Lemandatexpress – Assalé Tiémoko, député sortant de Tiassalé, ne décolère pas. Donné perdant à l’issue des résultats provisoires des élections législatives de 2025, le président d’ADCI continue de revendiquer la victoire face à son adversaire, Alpha Sanogo.
Lors d’une conférence de presse animée ce mardi, le maire de Tiassalé n’a pas mâché ses mots. Il a dénoncé avec véhémence ce qu’il qualifie de « braquage électoral », estimant que le verdict des urnes a été dénaturé.
« Ils vont trop loin. Les élections ne doivent pas se transformer en farce dans notre pays. J’ai gagné cette élection avec 1 356 voix d’écart. Tous les 127 procès-verbaux issus des bureaux de vote l’attestent, et personne ne peut sérieusement contester cela », a-t-il martelé.
Assalé Tiémoko a pris à témoin les forces de l’ordre, affirmant que celles-ci, présentes dans les centres de vote et lors du dépouillement, « savent exactement ce qui s’est passé ». Il a également évoqué les rapports du corps préfectoral, les observations des organisations de la société civile ainsi que le travail de la presse accréditée par la CEI, qui a, selon lui, relayé les résultats en temps réel.
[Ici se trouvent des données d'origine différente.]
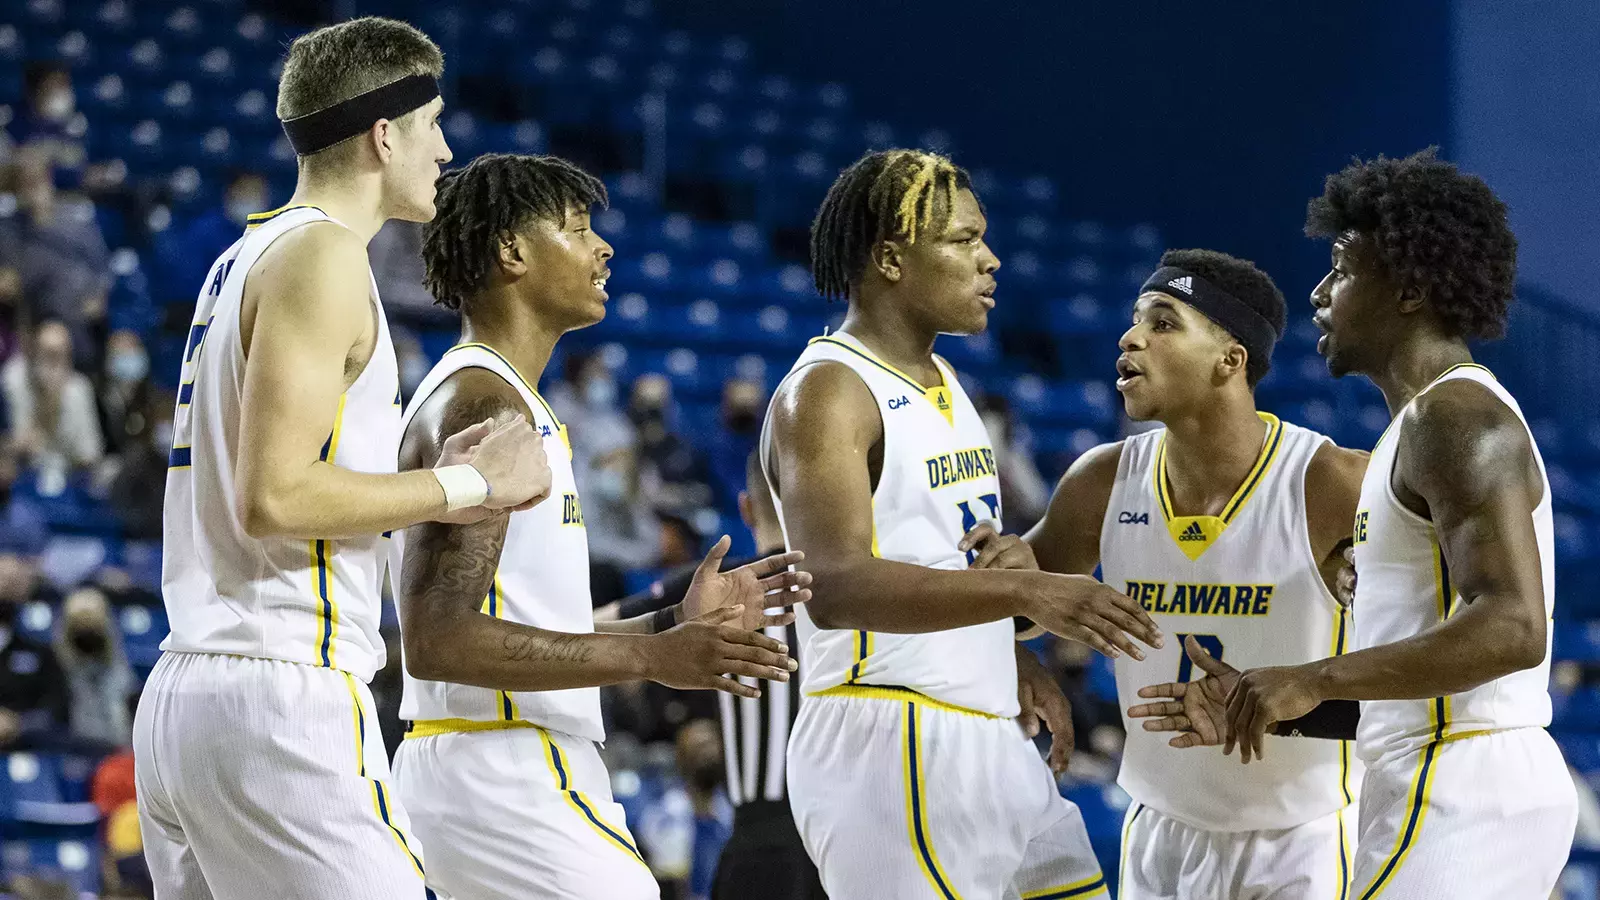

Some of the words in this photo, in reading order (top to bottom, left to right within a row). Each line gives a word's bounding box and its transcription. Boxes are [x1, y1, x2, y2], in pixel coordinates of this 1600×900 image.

[889, 395, 911, 410] CAA
[1118, 511, 1149, 525] CAA
[1124, 580, 1276, 616] DELAWARE
Pourtant, selon les chiffres provisoires proclamés par la Commission électorale indépendante (CEI), Alpha Sanogo est déclaré vainqueur avec 8 557 voix, soit 52,42 % des suffrages exprimés, contre 45,88 % pour Assalé Tiémoko.
Convaincu d’avoir remporté le scrutin à la loyale, le journaliste et homme politique affirme être déterminé à utiliser tous les moyens légaux pour faire valoir ce qu’il estime être la vérité des urnes.
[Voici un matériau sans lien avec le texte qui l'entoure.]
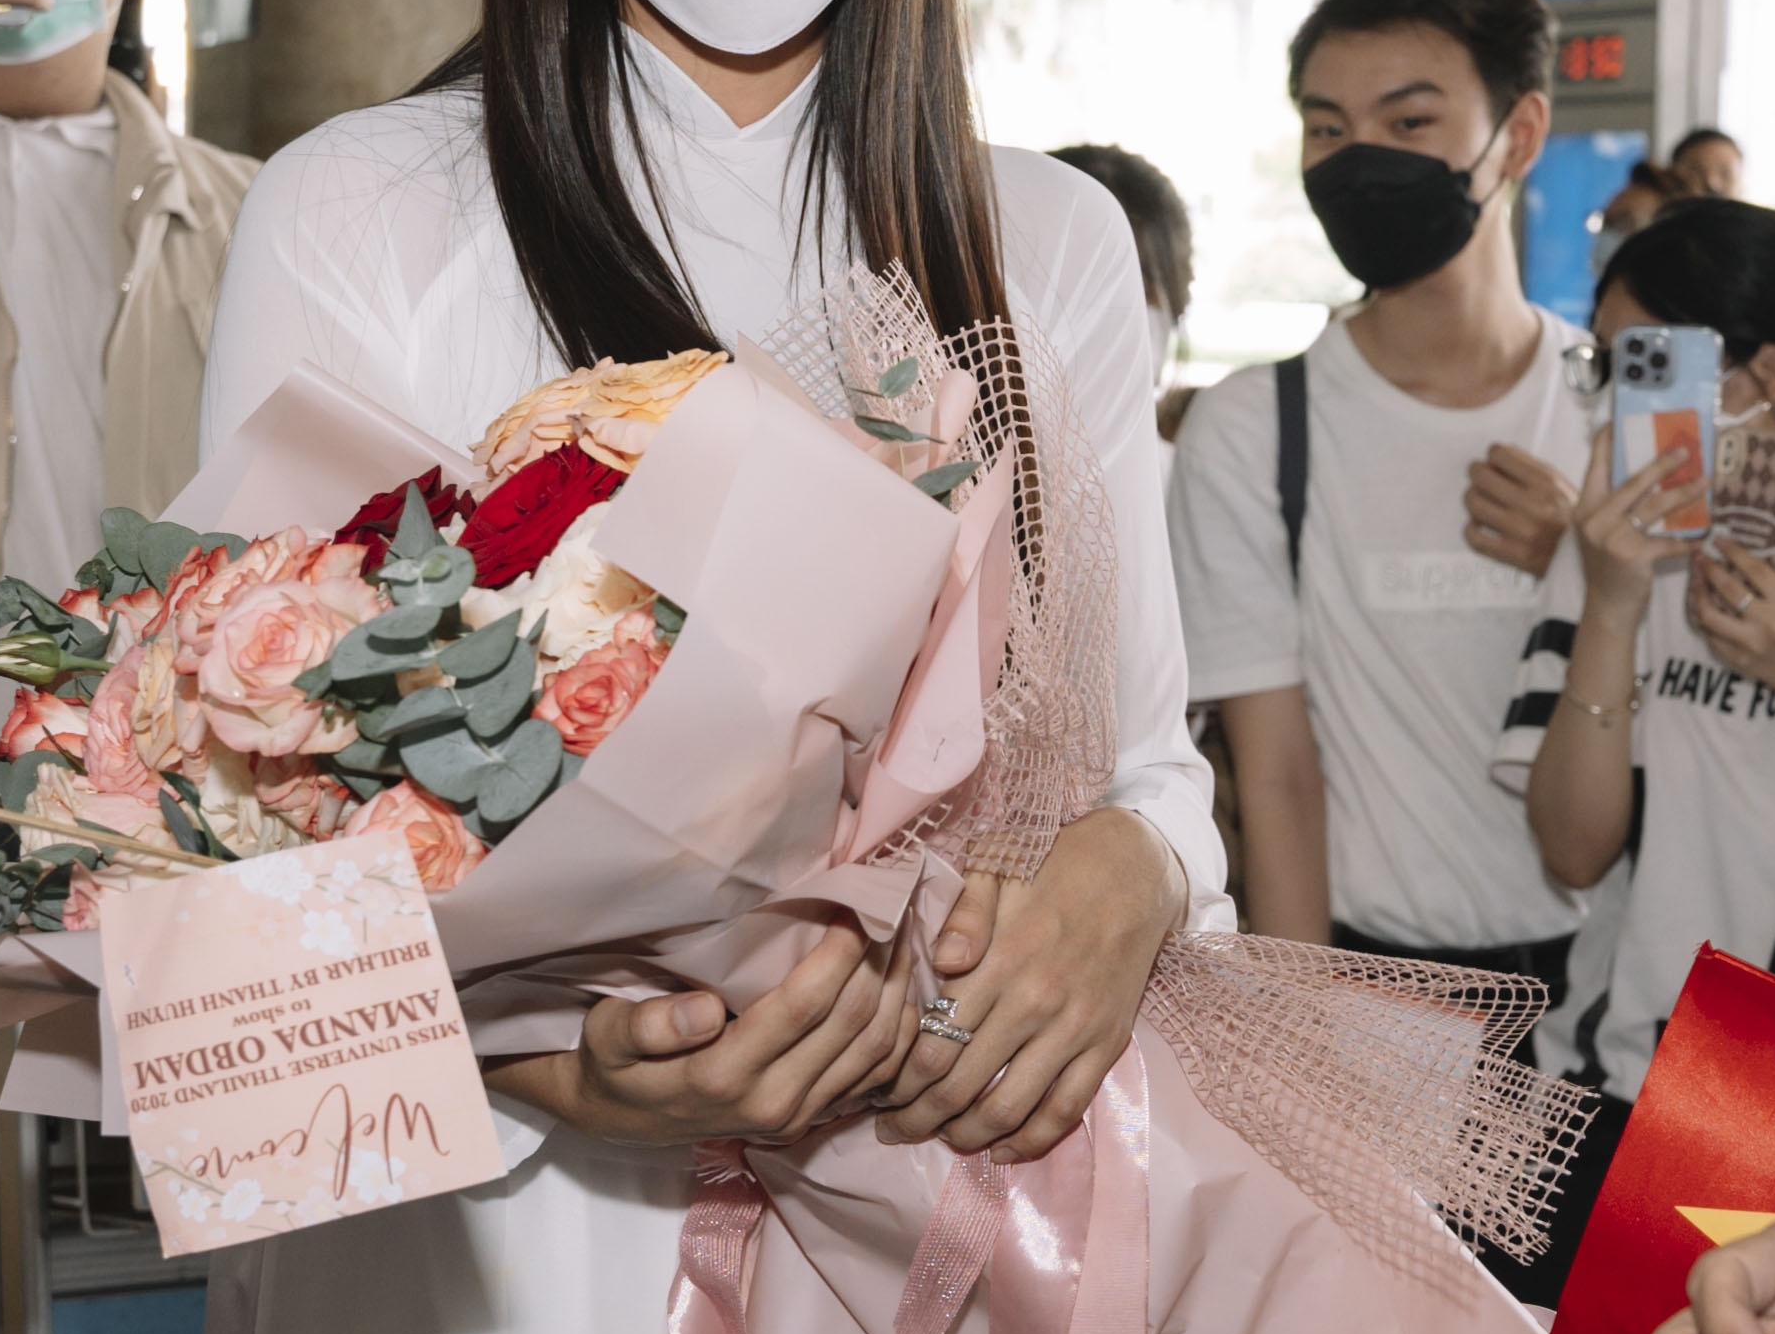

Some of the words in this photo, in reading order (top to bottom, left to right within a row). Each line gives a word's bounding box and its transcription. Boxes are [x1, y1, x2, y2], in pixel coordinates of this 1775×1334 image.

« J’ai gagné ces élections et je me battrai pour que la volonté du peuple de Tiassalé et de Morokro soit respectée. Si l’on laisse prospérer ce genre de pratiques, beaucoup d’Ivoiriens finiront par se détourner des urnes, convaincus que leur vote ne compte pas », a-t-il prévenu.
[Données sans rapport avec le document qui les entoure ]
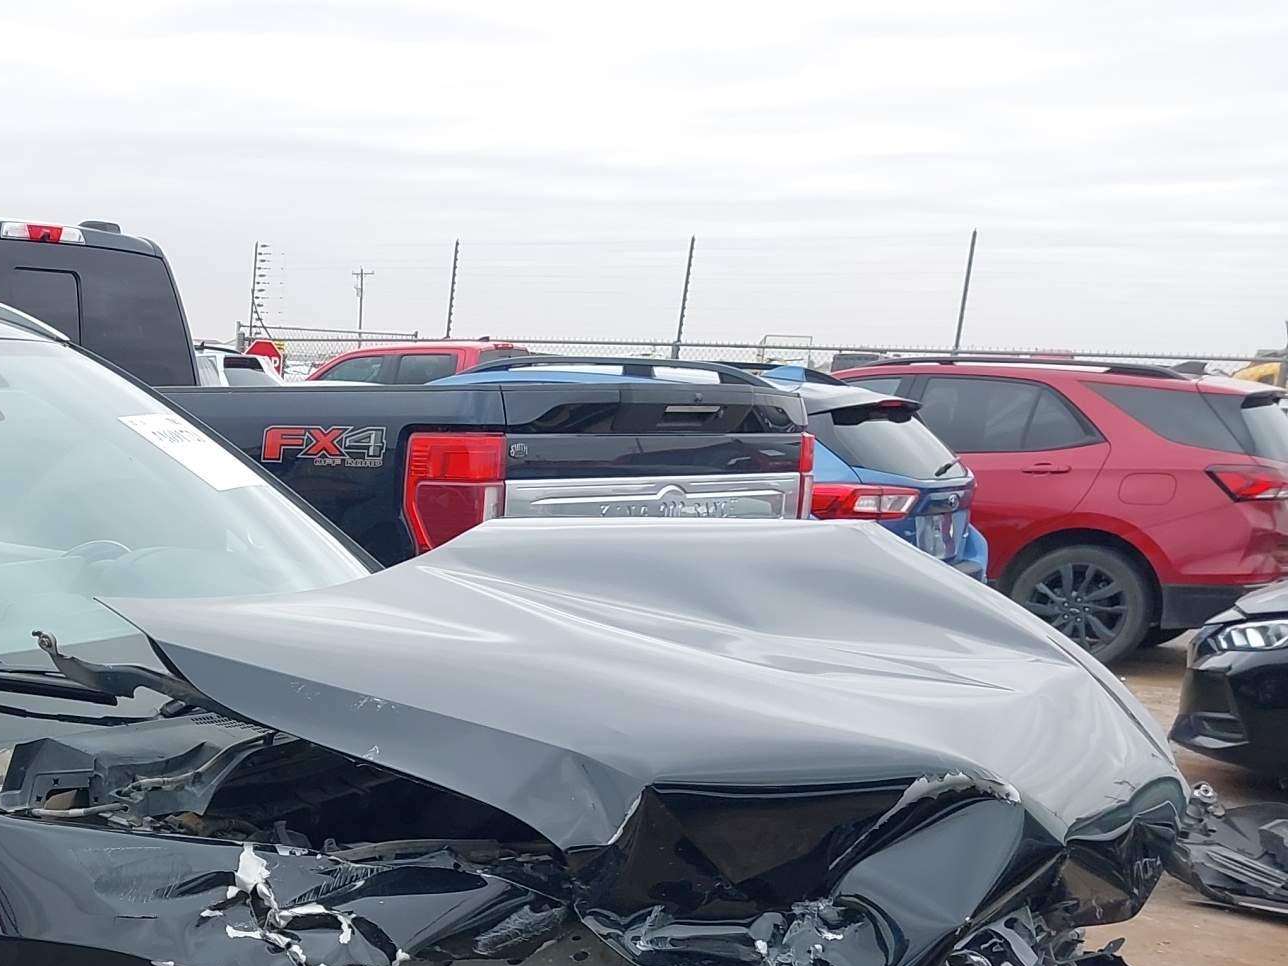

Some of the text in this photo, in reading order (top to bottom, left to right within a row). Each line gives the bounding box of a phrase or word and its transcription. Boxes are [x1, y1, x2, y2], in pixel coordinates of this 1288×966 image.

[261, 425, 386, 463] FX4
[313, 458, 383, 467] OFF ROAD
Le lundi 29 décembre, la Commission électorale indépendante ( CEI) a proclamé solennellement les résultats provisoires des élections des députés à l’Assemblée nationale. Et ce conformément à l’article 86 alinéa 2 du Code électoral.
À partir de cette échéance, tout candidat contestataire dispose d’un délai de cinq jours pour saisir le Conseil constitutionnel. Une voie de recours qui s’offre à l’honorable Assalé, déterminé à conserver son siège à Tiassalé.